Task requirements
Return every record exactly. Omit nothing.

___ Source data

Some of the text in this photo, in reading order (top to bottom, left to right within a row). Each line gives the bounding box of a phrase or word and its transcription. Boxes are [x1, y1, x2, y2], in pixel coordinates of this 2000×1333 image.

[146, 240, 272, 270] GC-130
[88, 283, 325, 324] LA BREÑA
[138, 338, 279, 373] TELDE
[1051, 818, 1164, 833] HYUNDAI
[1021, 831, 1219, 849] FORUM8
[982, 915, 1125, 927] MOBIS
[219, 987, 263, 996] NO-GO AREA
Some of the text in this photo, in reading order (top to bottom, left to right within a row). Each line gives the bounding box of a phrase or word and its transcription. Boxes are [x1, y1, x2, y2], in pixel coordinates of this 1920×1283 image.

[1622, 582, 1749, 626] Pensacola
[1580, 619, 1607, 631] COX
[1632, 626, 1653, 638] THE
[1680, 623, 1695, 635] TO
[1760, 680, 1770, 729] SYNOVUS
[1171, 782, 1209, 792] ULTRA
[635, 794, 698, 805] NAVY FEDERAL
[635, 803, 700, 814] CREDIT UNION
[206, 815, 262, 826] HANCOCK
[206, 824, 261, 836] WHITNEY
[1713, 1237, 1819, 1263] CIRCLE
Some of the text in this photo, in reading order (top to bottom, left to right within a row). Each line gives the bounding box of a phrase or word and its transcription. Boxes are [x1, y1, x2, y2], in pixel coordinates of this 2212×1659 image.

______

The answer
Some of the text in this photo, in reading order (top to bottom, left to right within a row). Each line gives the bounding box of a phrase or word and its transcription. Boxes are [x1, y1, x2, y2], in pixel coordinates of this 2000×1333 image.

[146, 240, 272, 270] GC-130
[88, 283, 325, 324] LA BREÑA
[138, 338, 279, 373] TELDE
[1051, 818, 1164, 833] HYUNDAI
[1021, 831, 1219, 849] FORUM8
[982, 915, 1125, 927] MOBIS
[219, 987, 263, 996] NO-GO AREA
Some of the text in this photo, in reading order (top to bottom, left to right within a row). Each line gives the bounding box of a phrase or word and its transcription. Boxes are [x1, y1, x2, y2], in pixel coordinates of this 1920×1283 image.

[1622, 582, 1749, 626] Pensacola
[1580, 619, 1607, 631] COX
[1632, 626, 1653, 638] THE
[1680, 623, 1695, 635] TO
[1760, 680, 1770, 729] SYNOVUS
[1171, 782, 1209, 792] ULTRA
[635, 794, 698, 805] NAVY FEDERAL
[635, 803, 700, 814] CREDIT UNION
[206, 815, 262, 826] HANCOCK
[206, 824, 261, 836] WHITNEY
[1713, 1237, 1819, 1263] CIRCLE
Some of the text in this photo, in reading order (top to bottom, left to right within a row). Each line gives the bounding box of a phrase or word and its transcription. Boxes are [x1, y1, x2, y2], in pixel coordinates of this 2212×1659 image.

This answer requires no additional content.